PENSAMIENTOS ESCONDIDOS

Parece regresar del reverso del mundo.
Está sentado en una posición majestuosa,
circunspecta, igual que Lincoln
o un Menéndez Pelayo
sin gaviotas en la cabeza.
Lo veo con los ojos de la imaginación,
porque mis párpados están cerrados.
Mira hacia el infinito,
como si, por un momento, albergara
la idea de incorporarse
y caminar por un espacio vacío,
por ese terreno invisible —lo supone
alfombrado por hierba joven
que media entre ambos.
No presenta un aspecto fantasmal.
Su eventual presencia se concreta
en mi firme deseo de verlo de nuevo.
Guarda un infranqueable y misterioso
mutismo, pero quizá ha vuelto para revelarme
el despacho que certifica la muerte de un hermano
o el traslado de cárcel de su padre,
como si fuera un adivino
o un Cacciaguida deslenguado.
Teme que se me olvide.
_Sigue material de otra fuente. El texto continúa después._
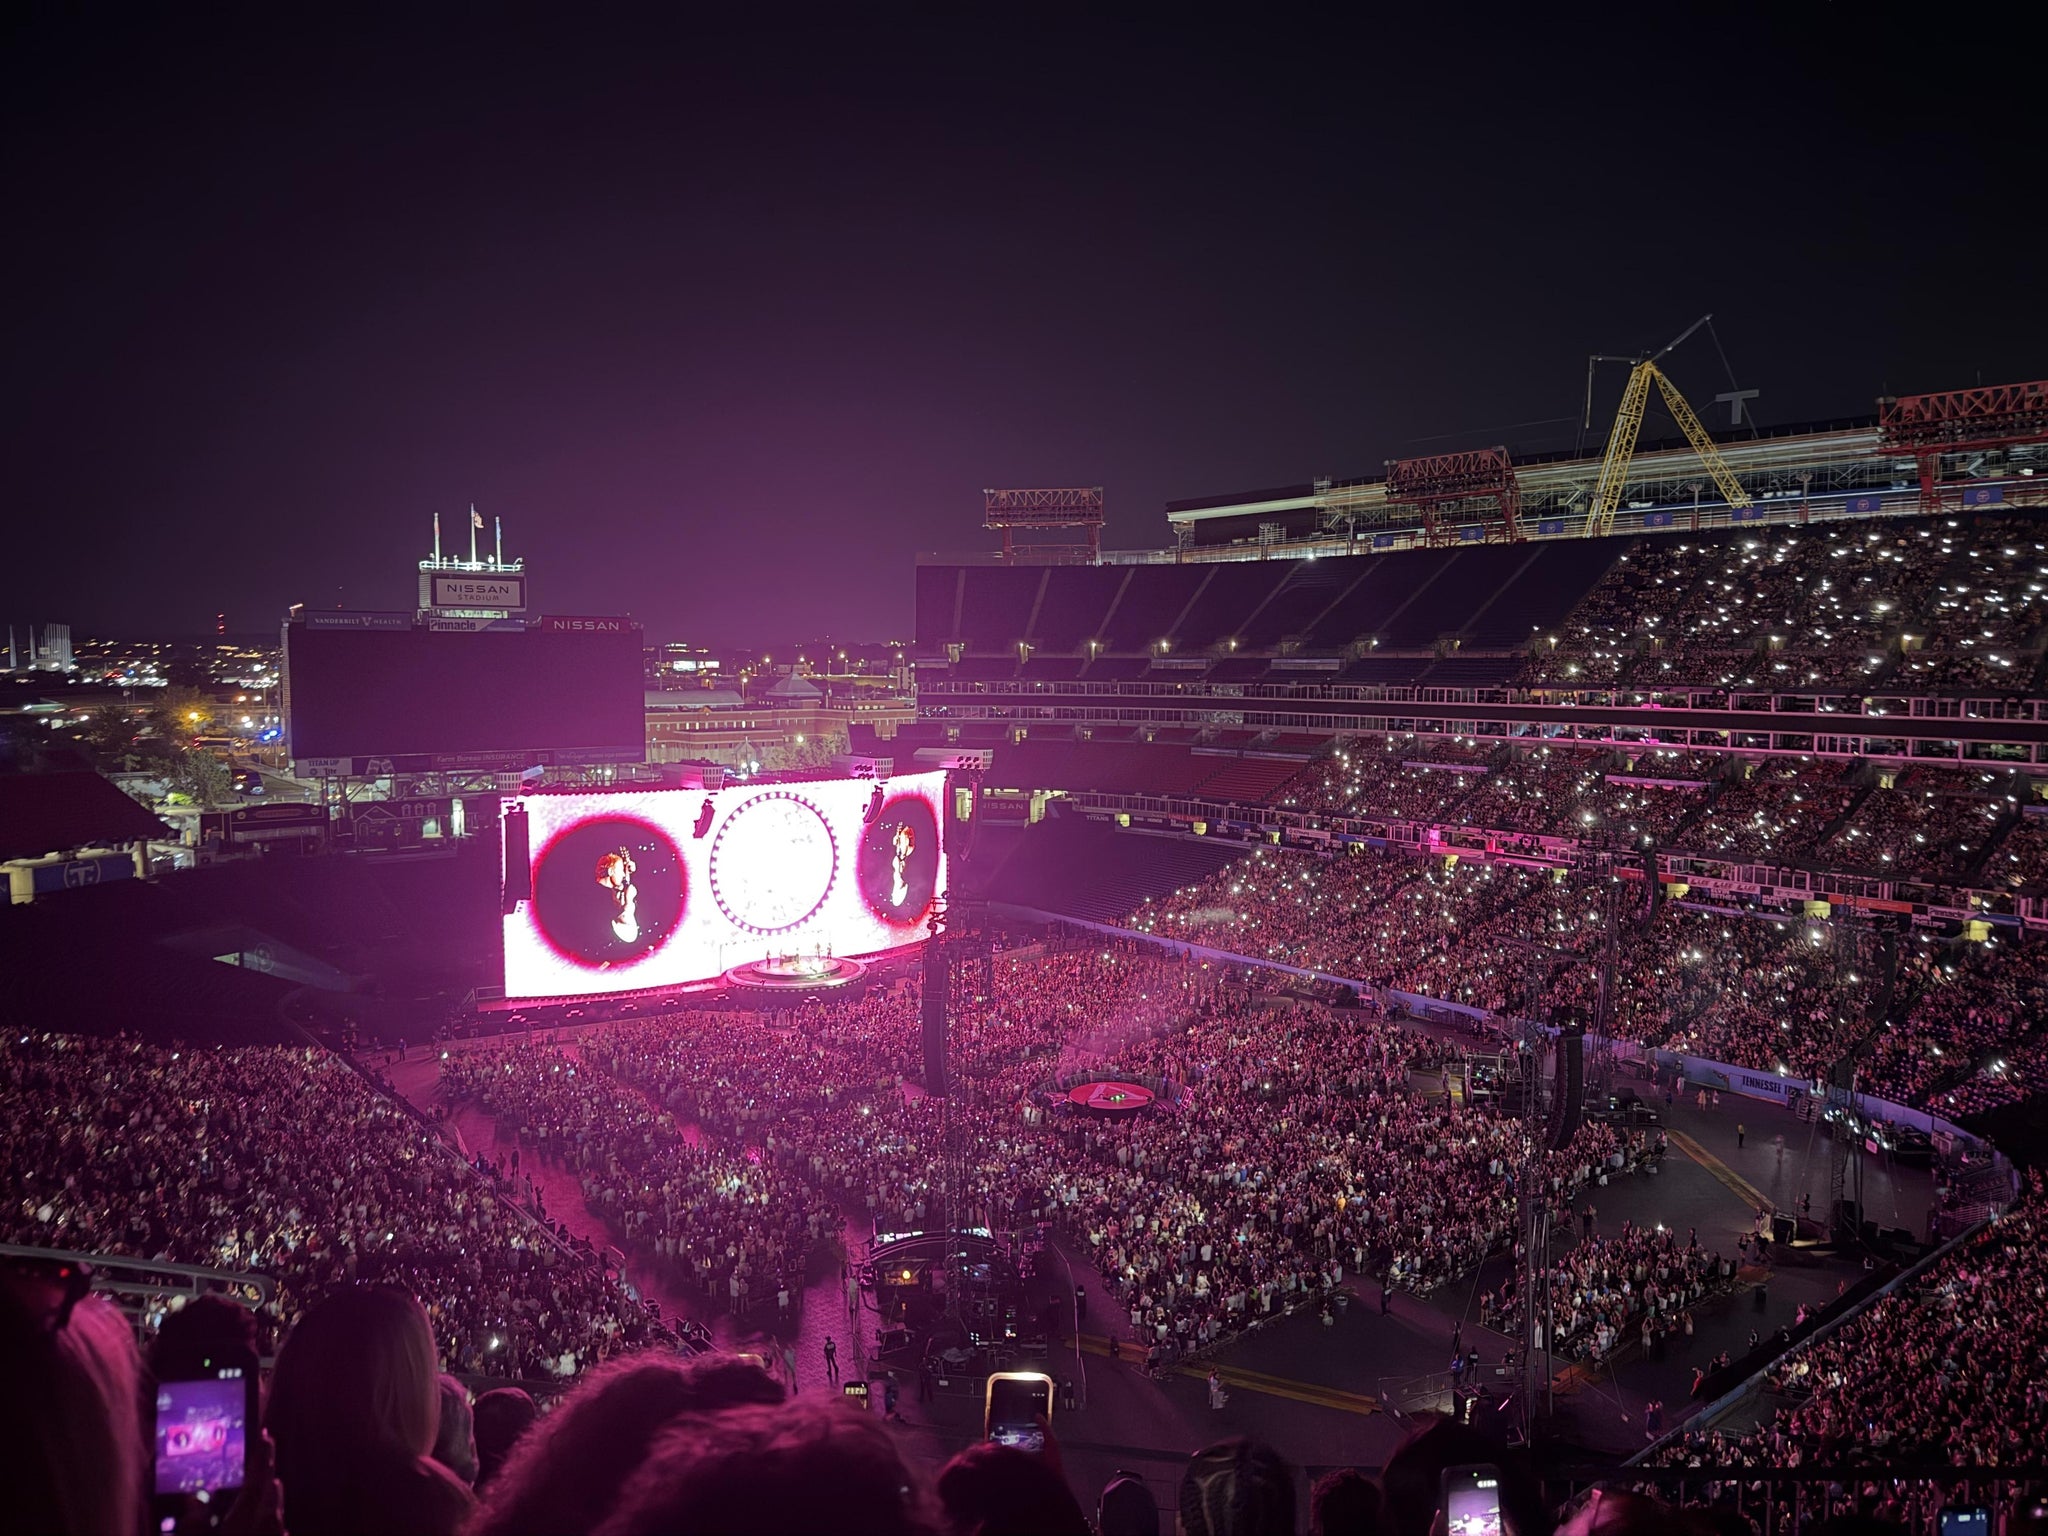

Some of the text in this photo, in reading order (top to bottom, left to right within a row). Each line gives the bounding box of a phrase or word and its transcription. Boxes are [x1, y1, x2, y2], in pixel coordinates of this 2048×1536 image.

Quiere recordarme
lo que me dijo tantas veces,
que un ser humano sin principios
carece de valor, es un espantapájaros.
Él ha llegado ya a ese punto
en el que no le importan las conductas
y los actos de nadie, salvo los de sus hijos,
por eso, aunque traspasa
paredes y su aliento no apaga las velas,
son para mí sus convicciones
la verdadera palabra de Dios
la que conserva viva la memoria de un hombre.